Rina menatap boneka itu. Entah kenapa, boneka itu terlihat seperti tersenyum kepadanya. Ia segera menutup pintu dan memutuskan untuk tidak melanjutkan skripsinya tentang rumah itu.
Sejak malam itu, Rina kerap bermimpi tentang gadis kecil yang berdiri di balik pintu, menatapnya dari kegelapan. Dan tiap pagi ia bangun, telinganya masih bisa mendengar suara ketukan pelan...
Tok... Tok... Tok...
Beberapa minggu kemudian, Rina mencoba mencari tahu lebih banyak tentang sejarah rumah itu melalui arsip kota dan wawancara dengan warga lama. Ia menemukan sebuah artikel lama tahun 1985 yang menyebutkan bahwa rumah itu milik seorang dokter Belanda bernama Hendrik Van Houten. Setelah kemerdekaan, rumah itu dihuni oleh keluarga Indonesia bernama Darmawan.
Salah satu anggota keluarga, seorang anak perempuan bernama Nita, dilaporkan hilang secara misterius di dalam rumah itu. Ia terakhir terlihat masuk ke kamar lantai dua yang kini dikenal sebagai "pintu terkunci". Sejak kejadian itu, penghuni rumah mengalami gangguan: suara-suara aneh, pintu terbuka sendiri, dan penampakan gadis kecil berambut panjang.
"Mungkin itu alasan keluarganya pindah tiba-tiba dan rumah ini dikunci," kata Rina saat bertemu Pak Sugeng, warga tua yang pernah menjaga rumah itu.
"Saya masih ingat betul, Nak. Waktu itu saya dengar sendiri suara anak kecil menangis tiap malam. Tapi begitu dicek, kosong. Lalu suatu malam, semua lampu rumah padam, dan dari kamar itu terdengar jeritan. Sejak saat itu, nggak ada yang berani ke atas," jelas Pak Sugeng sambil menatap kosong ke kejauhan.

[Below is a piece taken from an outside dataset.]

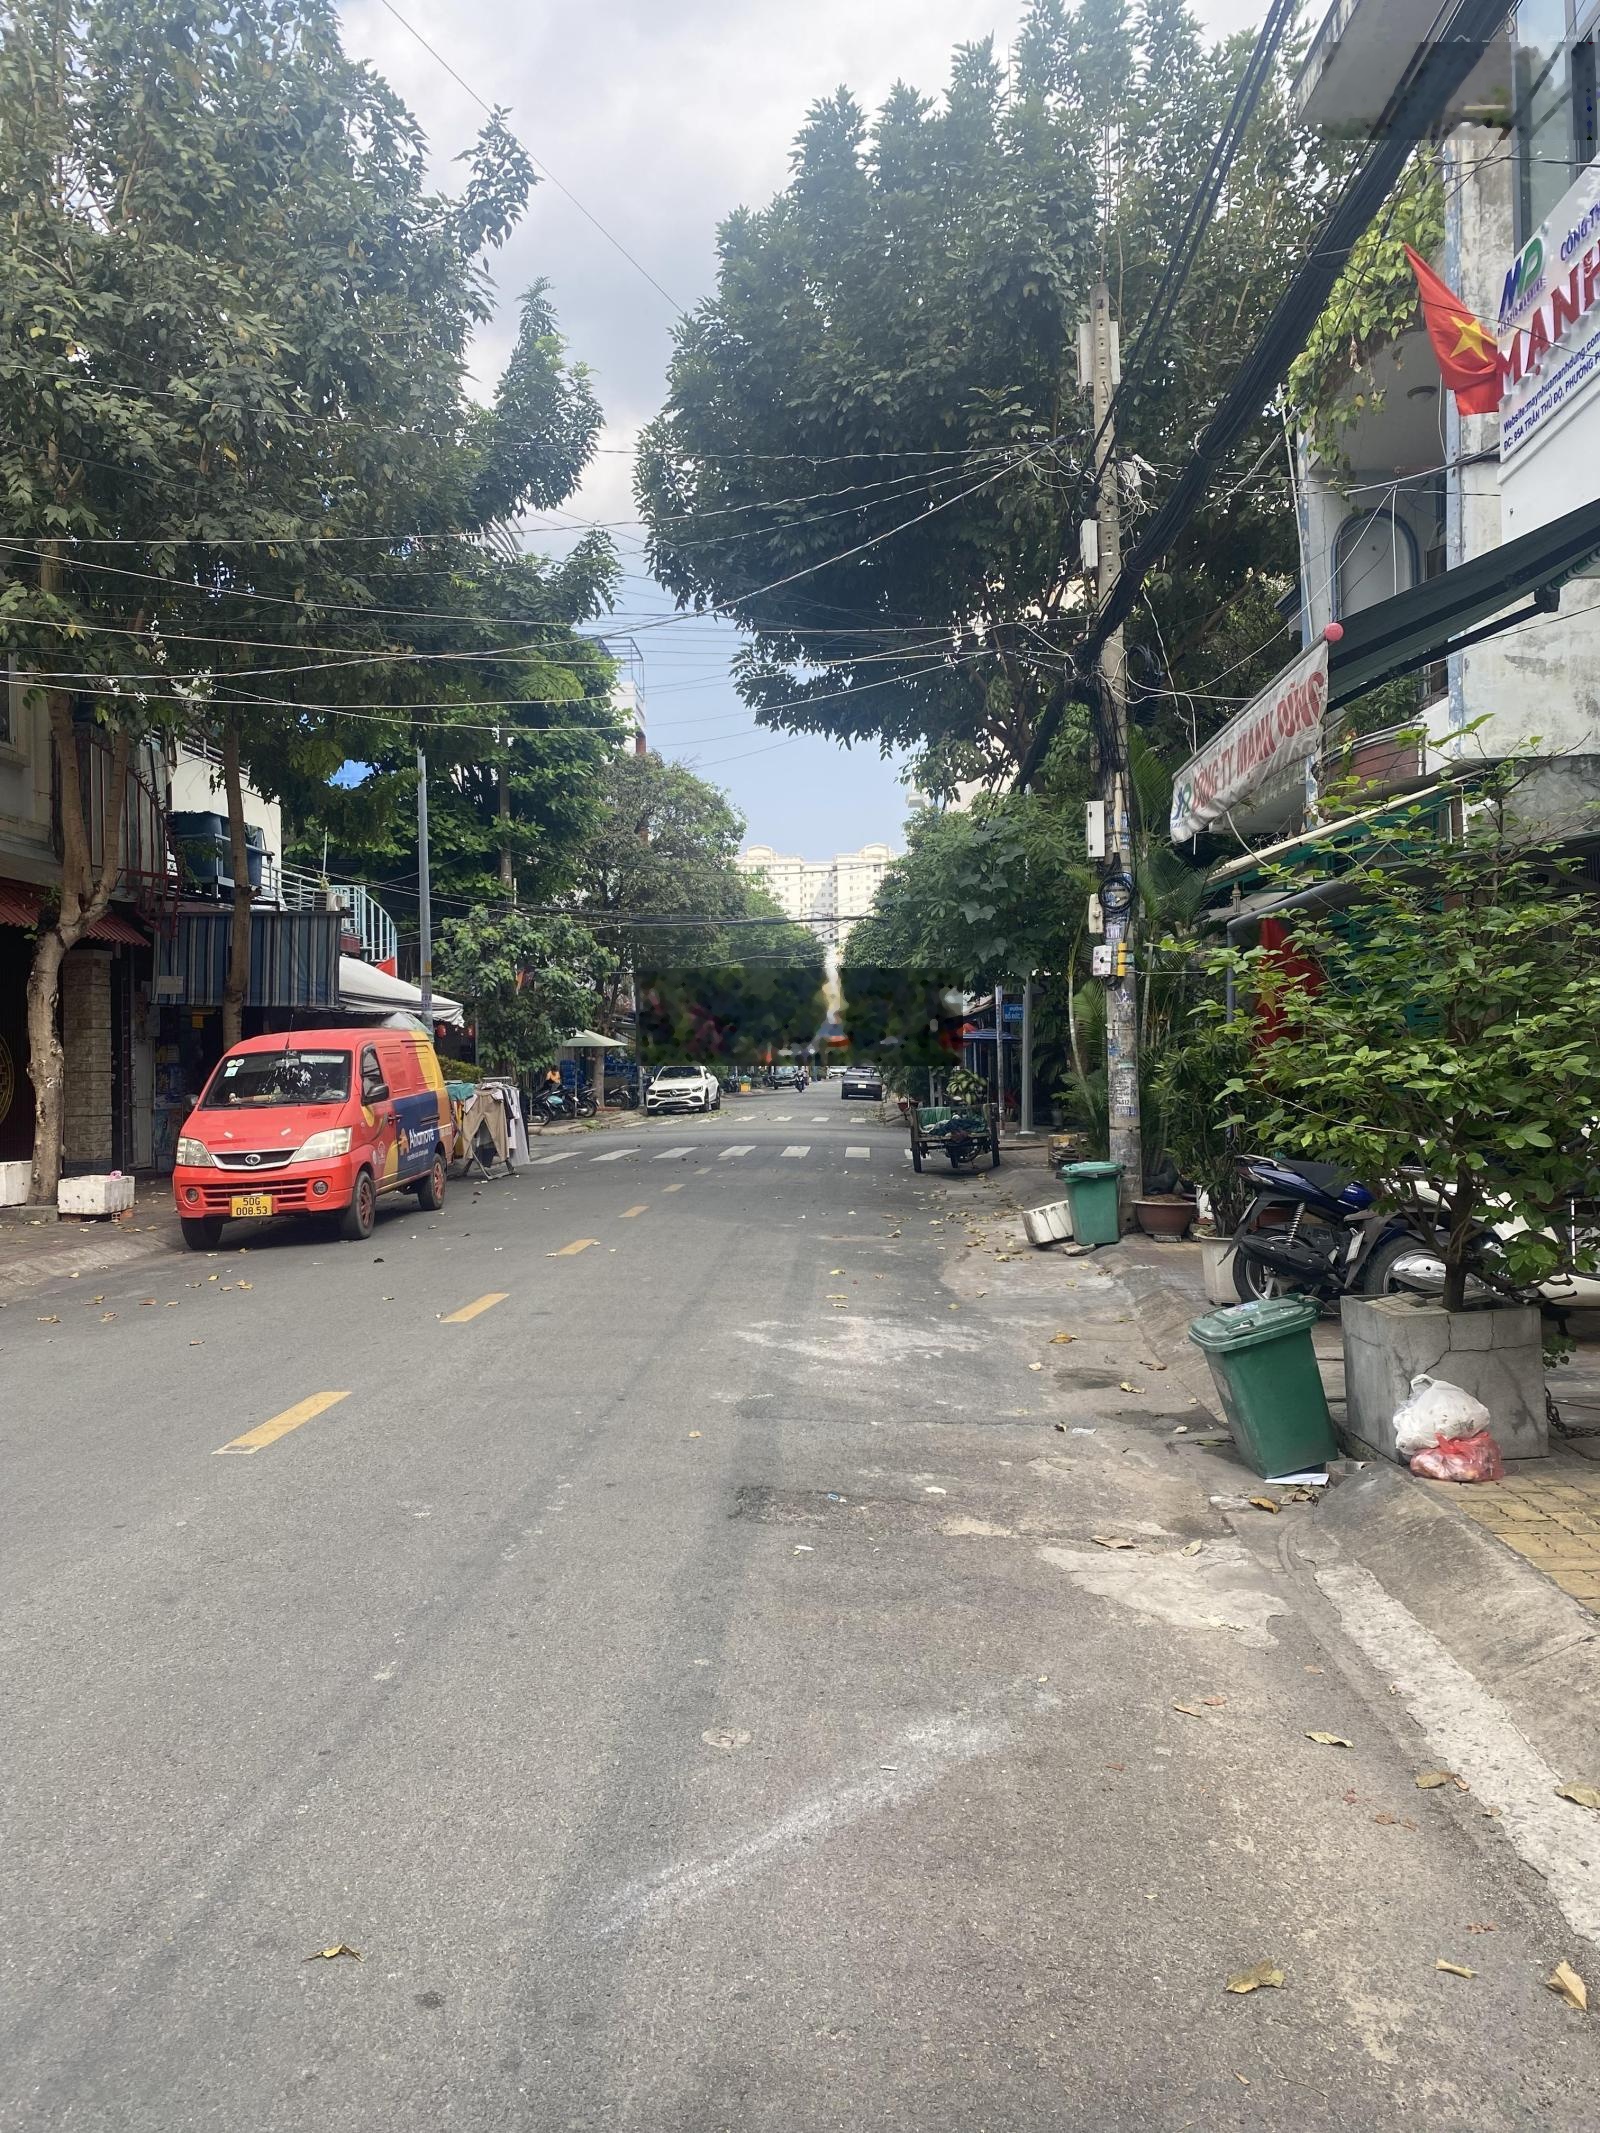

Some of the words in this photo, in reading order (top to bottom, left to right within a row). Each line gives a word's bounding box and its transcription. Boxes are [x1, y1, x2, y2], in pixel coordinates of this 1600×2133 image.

[1221, 744, 1235, 790] TY
[242, 1197, 261, 1206] 50G
[236, 1206, 268, 1216] 008.53

Rina menggeleng. Semakin ia mencari, semakin banyak teka-teki yang muncul. Namun ada satu yang mengganggunya: kenapa hanya dia yang terus diganggu sejak kunjungan itu?
Suatu malam, saat Rina sendirian di kosnya, ia terbangun karena suara ketukan pelan di pintu kamarnya.
Tok... Tok... Tok...
Ia bangkit, menatap ke arah pintu. "Siapa?" tanyanya. Tak ada jawaban. Saat ia membuka pintu, tak ada siapa pun di lorong. Tapi saat ia menoleh ke belakang, boneka yang ia lihat di rumah tua itu... kini duduk di kursinya.
Rina berteriak dan menjatuhkan dirinya. Pagi harinya, teman-teman kos menemukannya pingsan. Boneka itu menghilang.
Sejak itu, Rina memutuskan pindah ke luar kota, berhenti kuliah, dan memutus semua komunikasi. Namun cerita tentang rumah itu menyebar. Banyak mahasiswa penasaran, mencoba masuk, namun beberapa dilaporkan kerasukan atau bahkan hilang akal.
Rumah itu kini dipasangi garis polisi dan dilarang untuk didekati. Namun bagi warga sekitar, rumah itu tetap hidup. Ketika malam tiba, suara ketukan dari lantai dua masih terdengar...
Tok... Tok... Tok...
Dan di balik pintu yang terkunci itu, ada sesuatu... atau seseorang... yang masih menunggu untuk dibebaskan.